Ante esta circunstancia, tan excepcional como irreal, me ha ayudado mucho transmitir todo lo que sentía mi corazón en mi diario, con el convencimiento que eso me llevaría a un estado mejor y que me haría ver que hay muchas cosas fantásticas dentro de mí y que sólo tengo que cambiar mi actitud, y dejarme llevar y seguir haciendo eso que tan feliz me hace, crear.

Delante de las adversidades, mi espíritu de superación, perseverancia y actitud positiva hace que vea oportunidades y que deba aprovechar este momento tan especial para encontrarme conmigo misma, reflexionar, imaginar y esperar que el volver a empezar nos lleve a nuevas emociones, nuevas aventuras y nuevos propósitos, con más ilusión, más fuerza y esperanza de hacer un mundo mejor.

Así que, a parte de otros retos personales como cuidarme y mimarme más, a nivel laboral me he propuesto diseñar una colección cápsula dentro de la colección  Oh là là ! de primavera – verano 2020.

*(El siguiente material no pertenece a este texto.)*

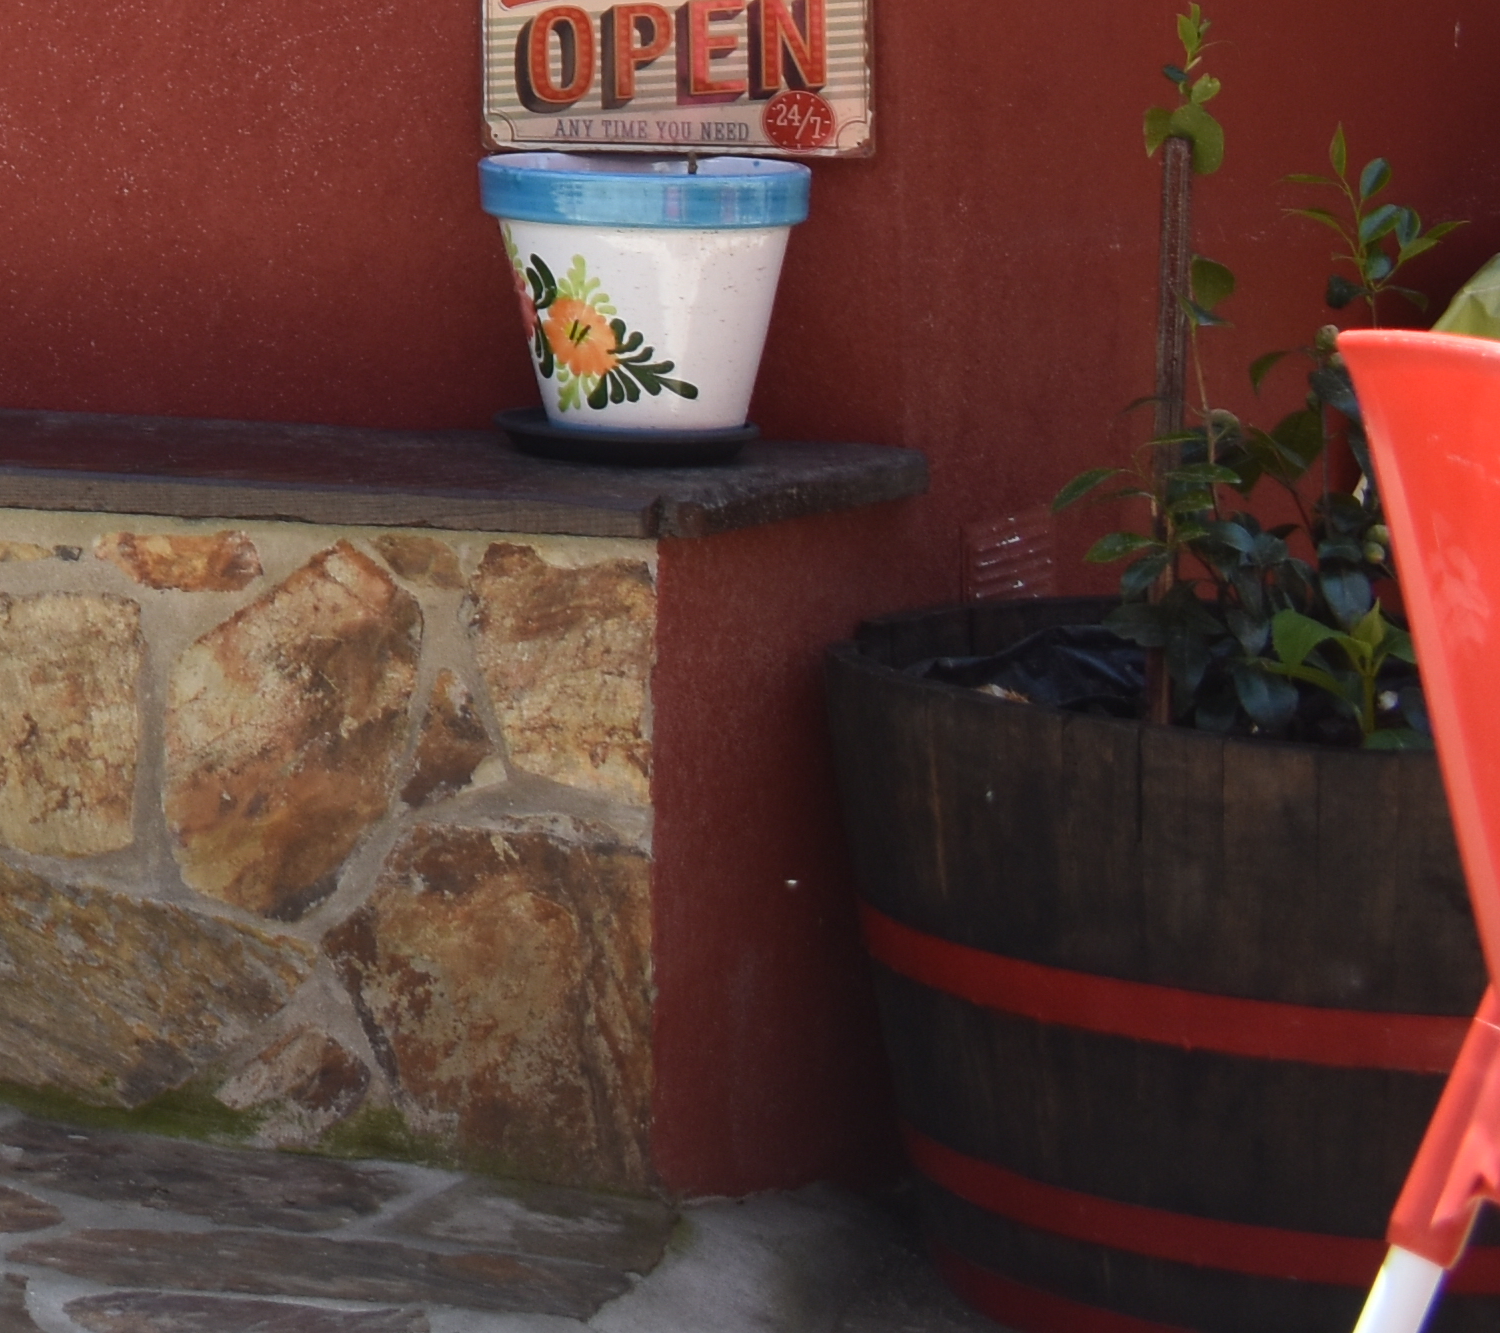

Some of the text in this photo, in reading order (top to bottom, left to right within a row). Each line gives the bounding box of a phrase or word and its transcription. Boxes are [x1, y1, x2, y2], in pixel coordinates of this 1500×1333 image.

[553, 118, 750, 141] ANY TIME YOU NEED
[775, 103, 822, 140] 24/7
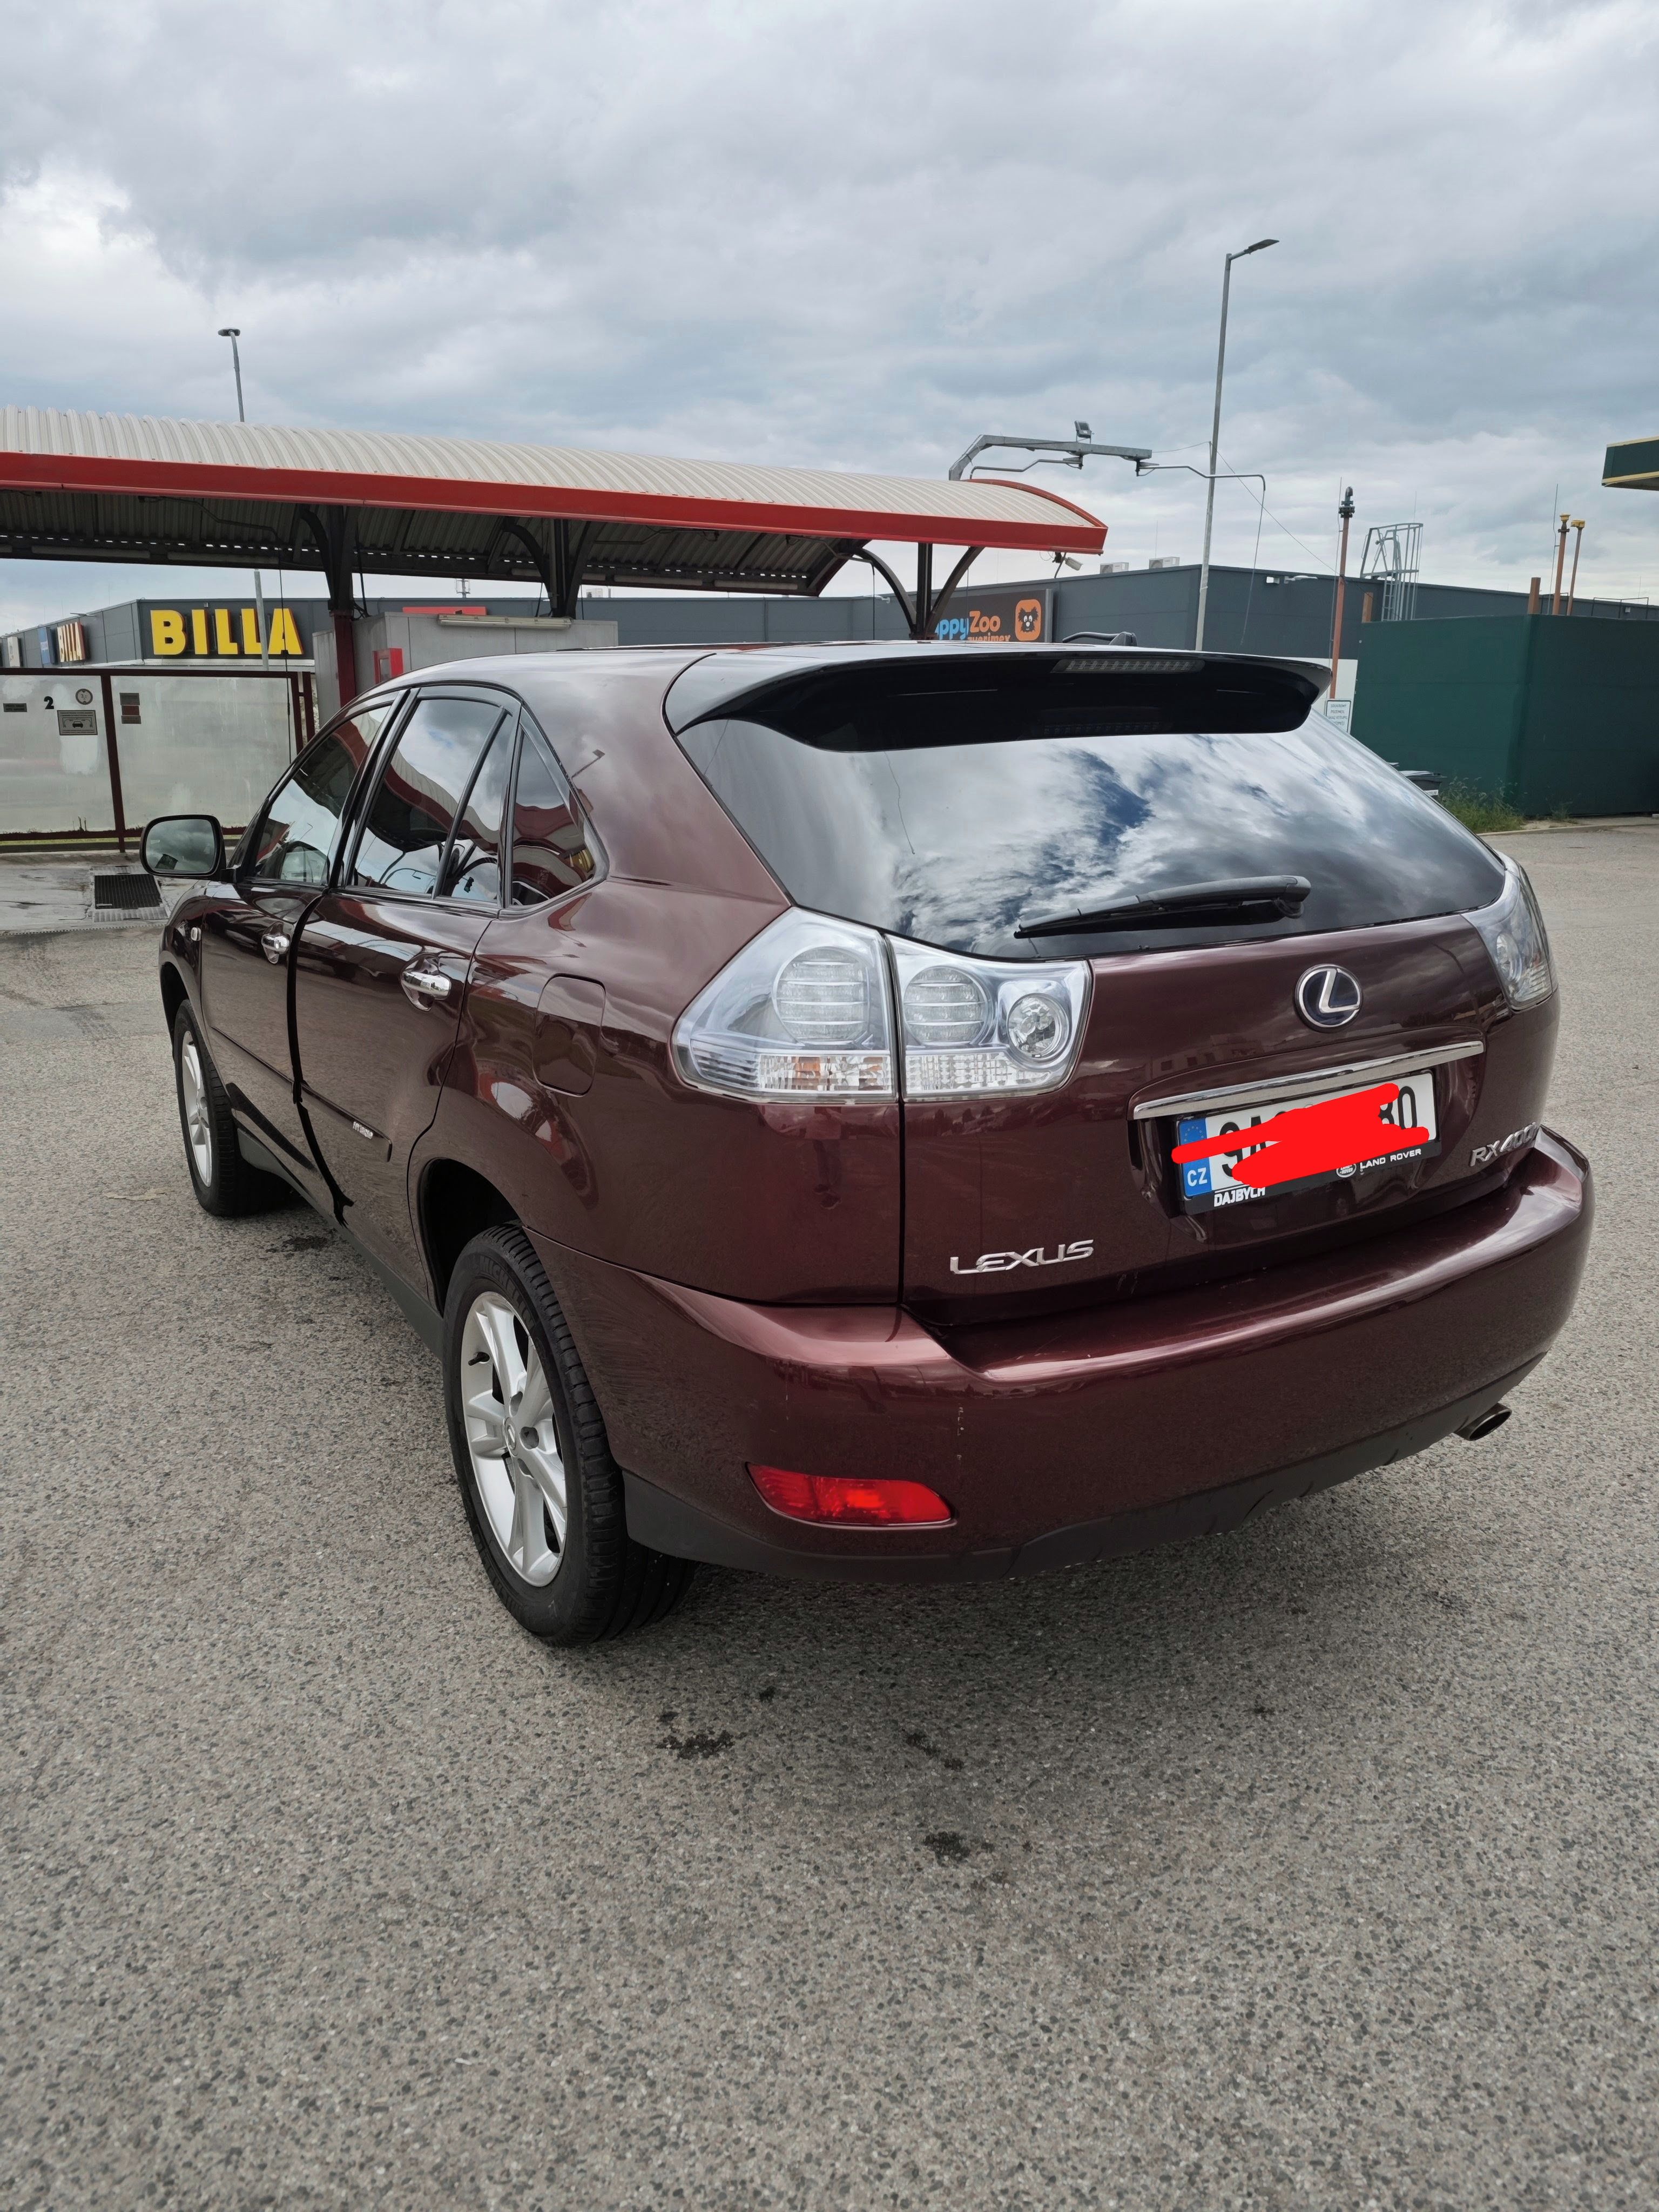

Esta nueva mini colección de collares, pulseras y pendientes a la que he puesto de nombre Le Cocon Familial, está inspirada en las largas jornadas en nuestros hogares, en las reflexiones sobre el tipo de vida que llevamos, en las ilusiones por todo lo que vendrá una vez acabe ésta difícil situación, que estamos seguro que pasará, y sobretodo en el convencimiento que después de esto, todos deberíamos aportar nuestro granito de arena para hacer de nuestro mundo un mundo mejor.

Pasados más de 40 días en casa, mis sentimientos son muy diferentes a los de las primeras semanas. Hoy me siento feliz y doy gracias del tiempo que este planeta me ha regalado, de reposo y de crecimiento personal y familiar forzado y a la vez acelerado pero necesario para dejar de destruirlo.

He tenido tiempo para escucharme, me he regalado largas jornadas de sesiones de fotográficas, hemos jugado y cocinado en familia, me he enriquecido para cuidar mi cuerpo y mi alma, he hablado y reflexionando con personas  que tienen inquietudes similares para plantearnos como afrontar esta situación cuando todo pase.

Y todo ello, sin mirar el tiempo, ¿Qué más se puede pedir?